-------- THE RECORDS

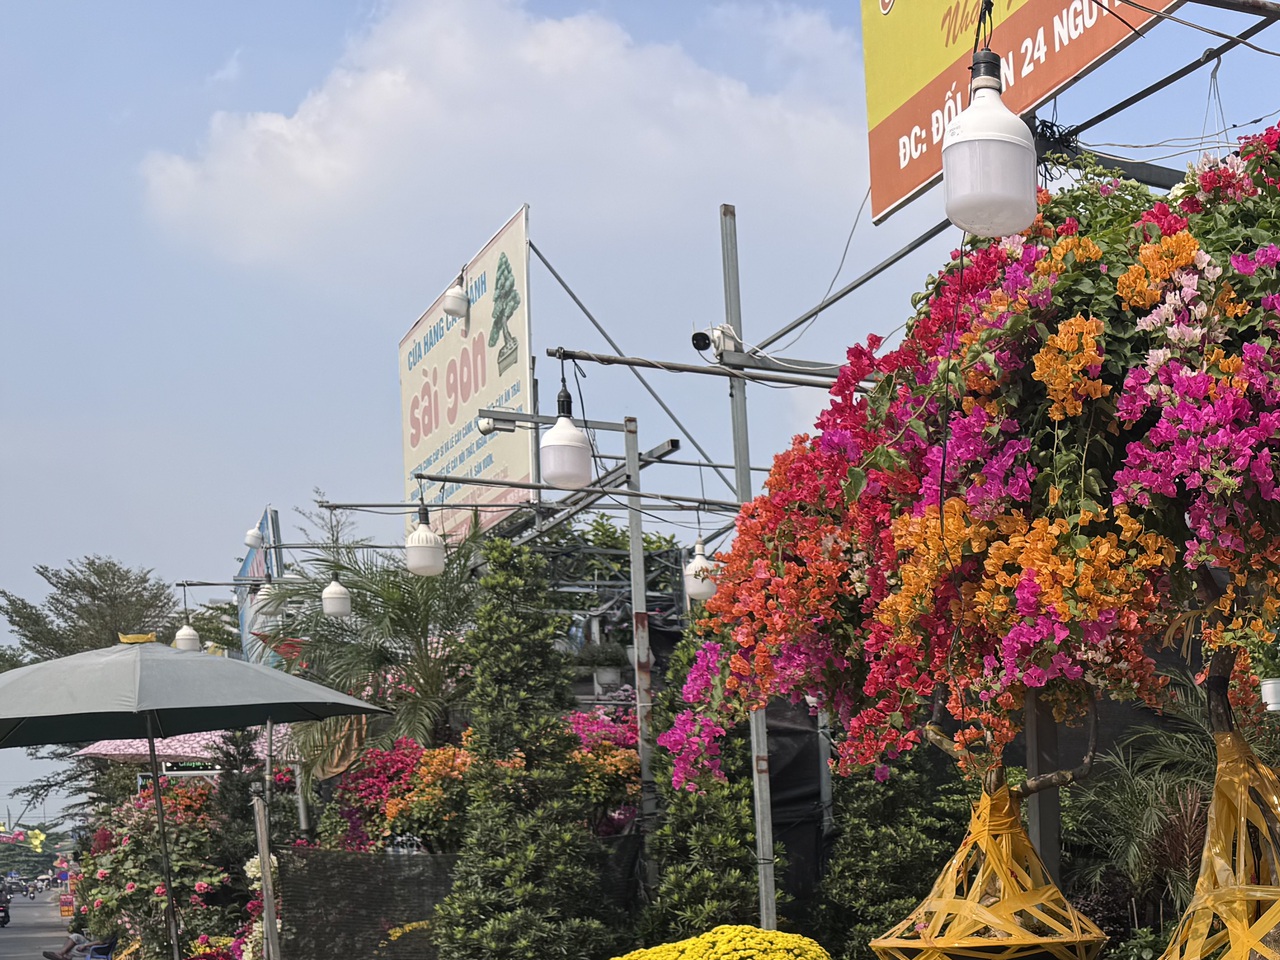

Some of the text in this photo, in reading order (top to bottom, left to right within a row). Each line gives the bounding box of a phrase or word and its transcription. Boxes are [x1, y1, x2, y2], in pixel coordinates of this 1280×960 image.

[899, 125, 926, 170] ĐC:
[1020, 27, 1047, 78] 24
[423, 317, 444, 355] HÀNG
[467, 271, 487, 308] ẢNH
[410, 329, 486, 449] sài gòn
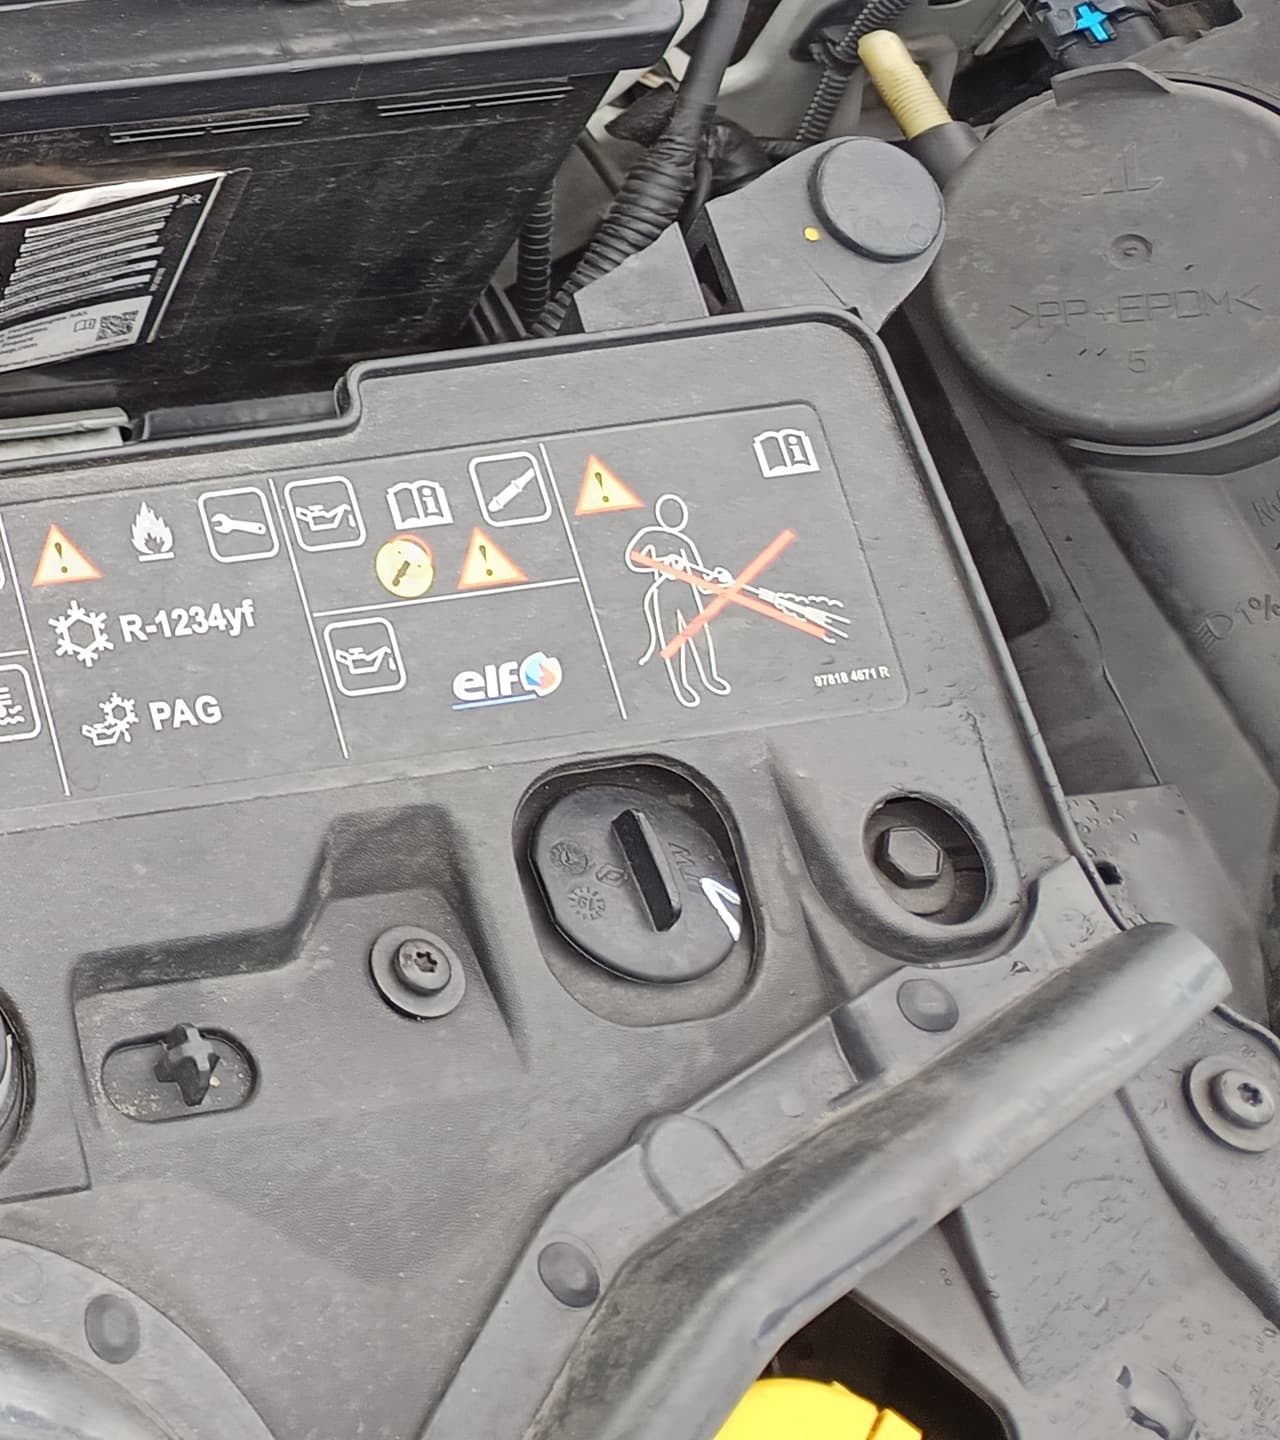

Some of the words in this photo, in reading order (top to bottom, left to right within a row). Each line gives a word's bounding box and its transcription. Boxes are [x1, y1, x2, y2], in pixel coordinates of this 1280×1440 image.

[118, 597, 257, 643] R-1234yf
[451, 663, 522, 702] elf
[878, 665, 892, 679] R
[147, 693, 223, 731] PAG
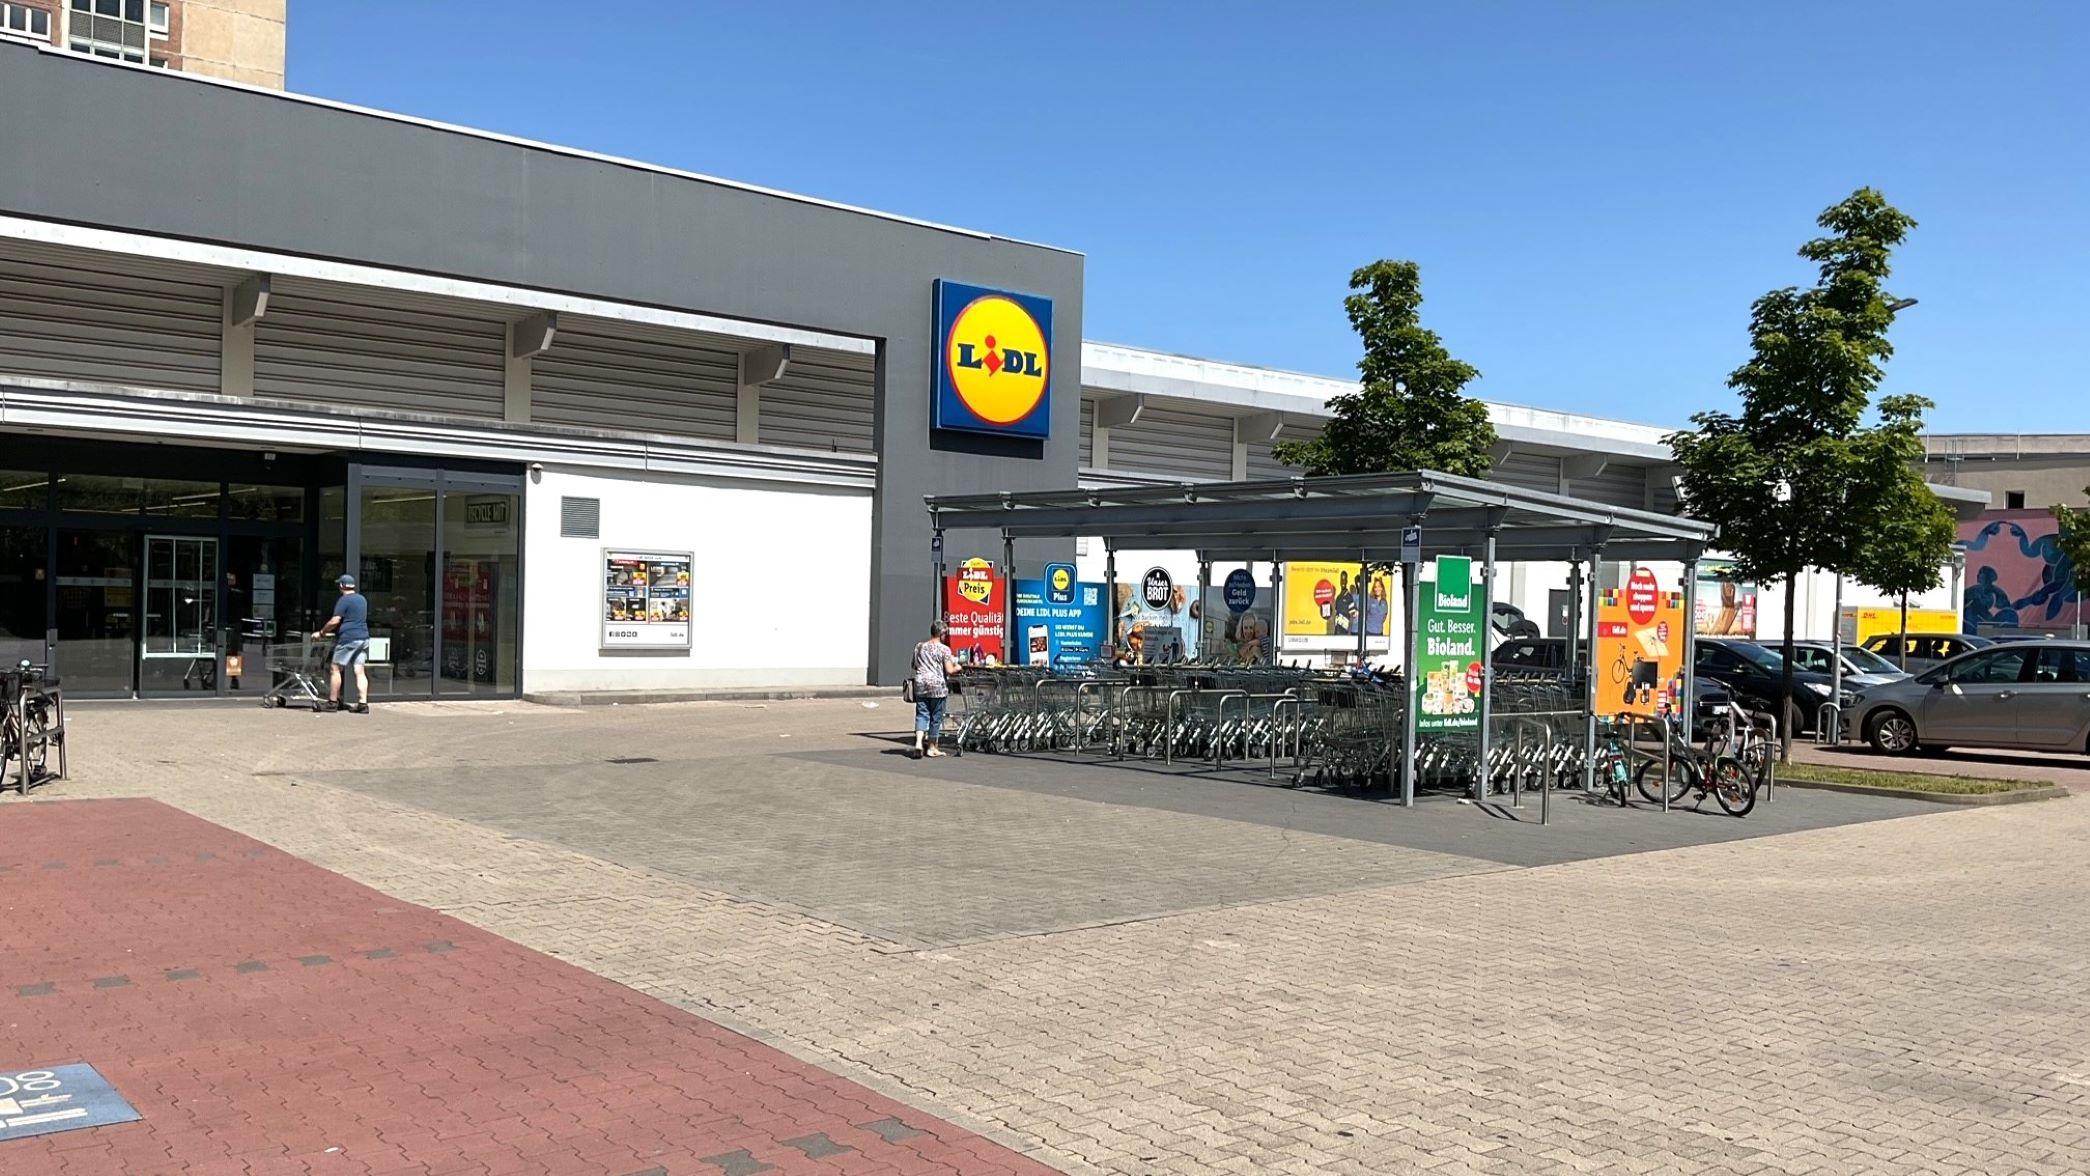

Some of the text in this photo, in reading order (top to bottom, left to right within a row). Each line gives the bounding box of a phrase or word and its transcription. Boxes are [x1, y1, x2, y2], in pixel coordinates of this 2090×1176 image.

[957, 334, 1042, 377] LIDL
[962, 567, 989, 580] LIDL
[1147, 576, 1168, 587] Unser
[963, 582, 986, 594] Preis
[1147, 587, 1169, 601] BROT
[1232, 588, 1247, 596] Geld
[1053, 592, 1068, 601] Plus
[1228, 597, 1250, 605] zurück
[1437, 592, 1468, 607] Bioland
[1036, 608, 1051, 617] LIDL
[1052, 608, 1068, 618] PLUS
[1069, 609, 1082, 618] APP
[947, 625, 972, 636] mmer
[1427, 618, 1476, 633] Gut. Besser.
[1427, 637, 1476, 656] Bioland.

----------------

REQUIRED WORK>
All of the records above are to be written out exactly, minus their images.

EXERCISE ANSWER>
Some of the text in this photo, in reading order (top to bottom, left to right within a row). Each line gives the bounding box of a phrase or word and its transcription. Boxes are [x1, y1, x2, y2], in pixel coordinates of this 1280×960 image.

[899, 125, 926, 170] ĐC:
[1020, 27, 1047, 78] 24
[423, 317, 444, 355] HÀNG
[467, 271, 487, 308] ẢNH
[410, 329, 486, 449] sài gòn

Some of the words in this photo, in reading order (top to bottom, left to right within a row). Each line gives a word's bounding box and its transcription. Boxes are [x1, y1, x2, y2], in pixel coordinates of this 1280×1440 image.

[118, 597, 257, 643] R-1234yf
[451, 663, 522, 702] elf
[878, 665, 892, 679] R
[147, 693, 223, 731] PAG

Some of the text in this photo, in reading order (top to bottom, left to right within a row). Each line gives the bounding box of a phrase or word and its transcription. Boxes are [x1, y1, x2, y2], in pixel coordinates of this 2090×1176 image.

[957, 334, 1042, 377] LIDL
[962, 567, 989, 580] LIDL
[1147, 576, 1168, 587] Unser
[963, 582, 986, 594] Preis
[1147, 587, 1169, 601] BROT
[1232, 588, 1247, 596] Geld
[1053, 592, 1068, 601] Plus
[1228, 597, 1250, 605] zurück
[1437, 592, 1468, 607] Bioland
[1036, 608, 1051, 617] LIDL
[1052, 608, 1068, 618] PLUS
[1069, 609, 1082, 618] APP
[947, 625, 972, 636] mmer
[1427, 618, 1476, 633] Gut. Besser.
[1427, 637, 1476, 656] Bioland.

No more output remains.